▶ RECORDS FOR THE TASK
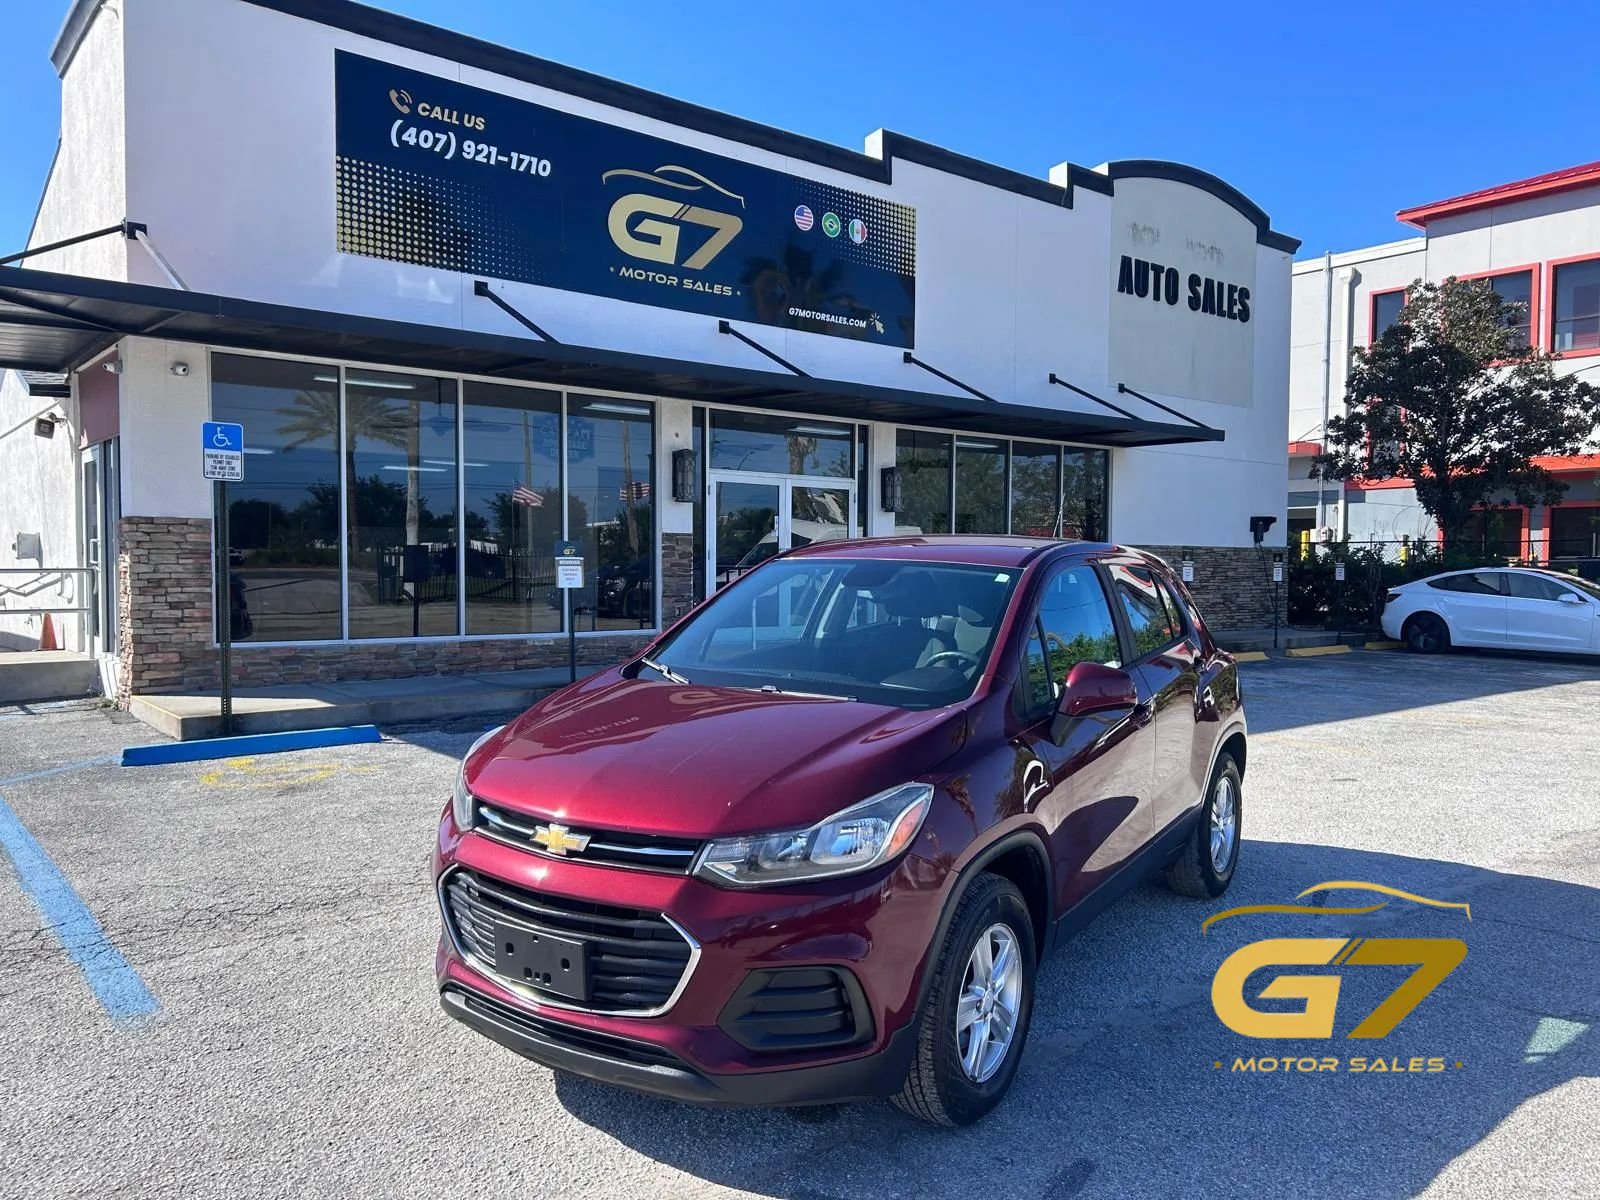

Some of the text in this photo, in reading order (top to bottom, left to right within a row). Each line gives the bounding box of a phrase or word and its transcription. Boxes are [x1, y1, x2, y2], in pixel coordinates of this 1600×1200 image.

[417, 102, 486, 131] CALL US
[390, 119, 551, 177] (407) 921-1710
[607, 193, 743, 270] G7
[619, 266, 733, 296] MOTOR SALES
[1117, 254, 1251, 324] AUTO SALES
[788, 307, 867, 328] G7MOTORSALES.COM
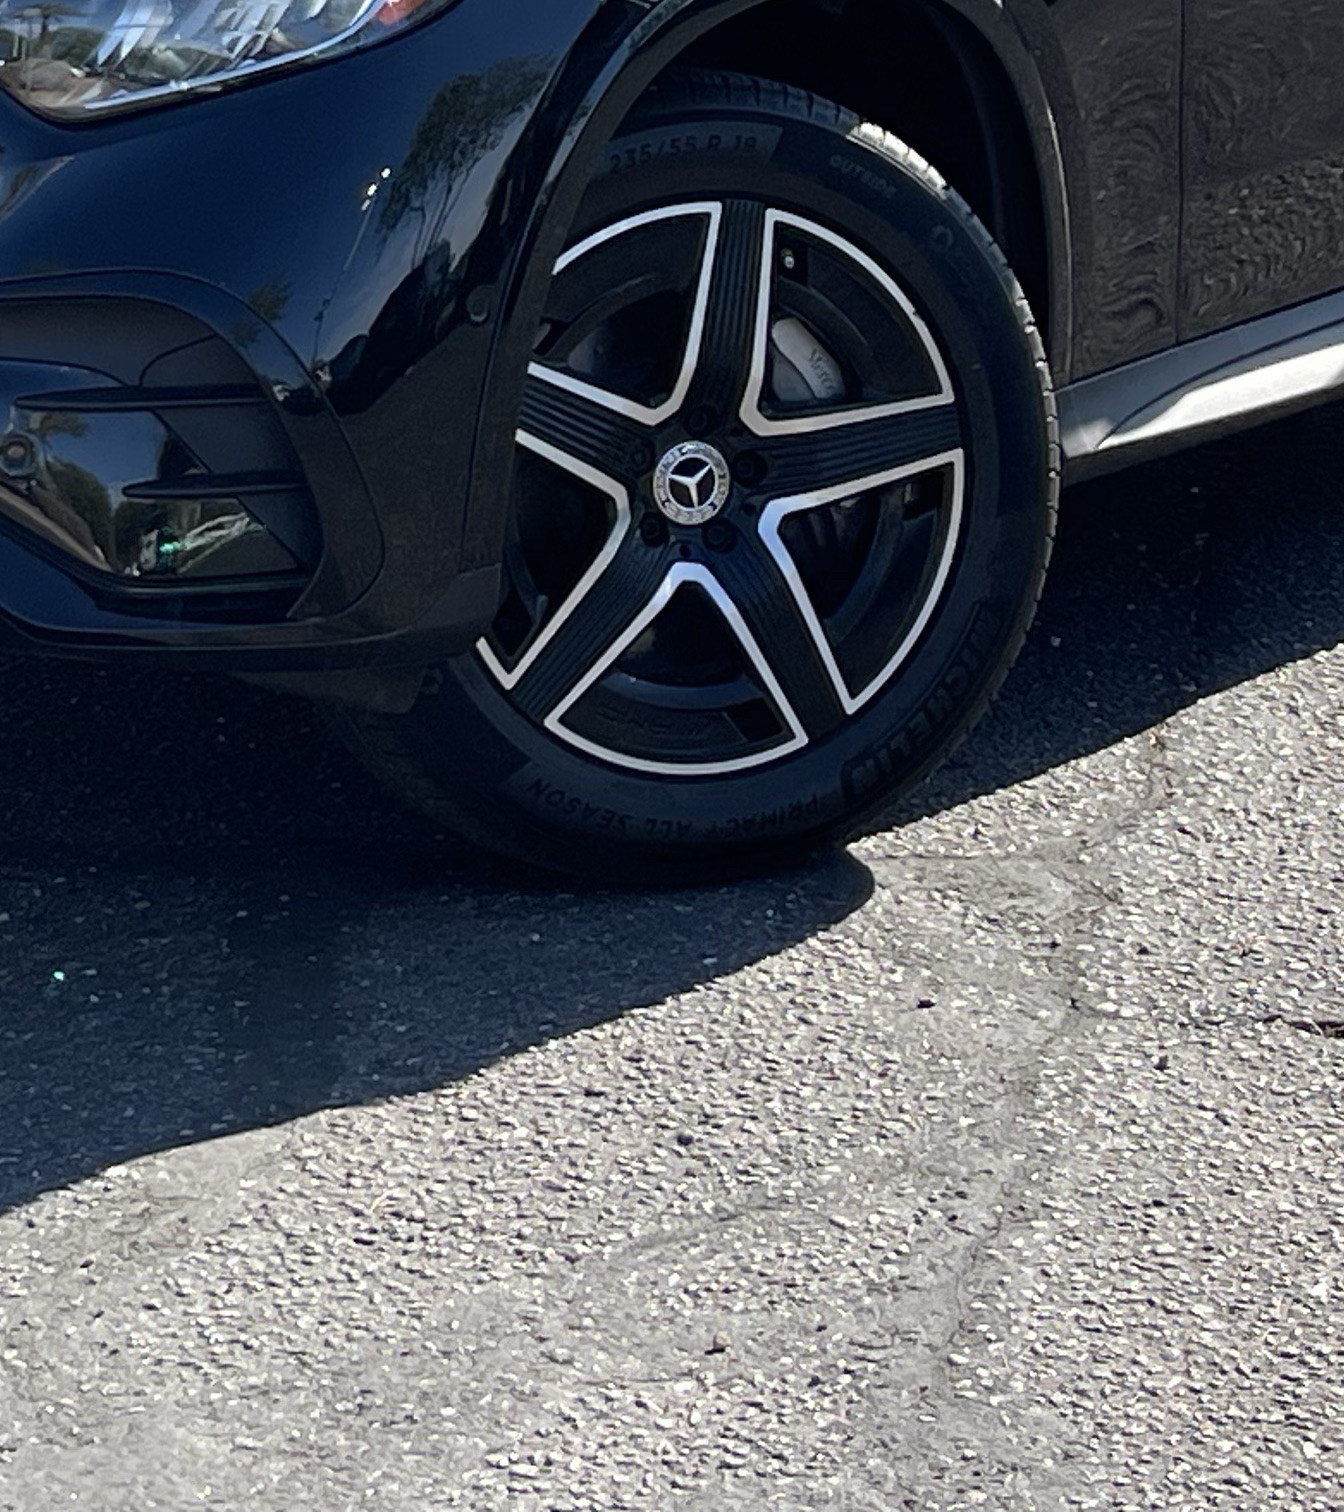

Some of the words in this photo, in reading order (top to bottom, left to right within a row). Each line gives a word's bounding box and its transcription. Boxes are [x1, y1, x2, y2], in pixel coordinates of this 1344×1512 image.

* * *

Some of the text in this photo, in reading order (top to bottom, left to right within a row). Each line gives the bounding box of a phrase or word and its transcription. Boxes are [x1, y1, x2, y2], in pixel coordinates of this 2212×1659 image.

▶ DIRECTIONS
Taking the entries above, extract every line from the one bearing "this 1600×1200 image." through the one bearing "Some of the words", exactly, with no pictures.

▶ WRITTEN ANSWER
Some of the text in this photo, in reading order (top to bottom, left to right within a row). Each line gives the bounding box of a phrase or word and its transcription. Boxes are [x1, y1, x2, y2], in pixel coordinates of this 1600×1200 image.

[417, 102, 486, 131] CALL US
[390, 119, 551, 177] (407) 921-1710
[607, 193, 743, 270] G7
[619, 266, 733, 296] MOTOR SALES
[1117, 254, 1251, 324] AUTO SALES
[788, 307, 867, 328] G7MOTORSALES.COM

Some of the words in this photo, in reading order (top to bottom, left to right within a row). Each line gives a word's bounding box and its transcription. Boxes are [x1, y1, x2, y2], in pixel coordinates of this 1344×1512 image.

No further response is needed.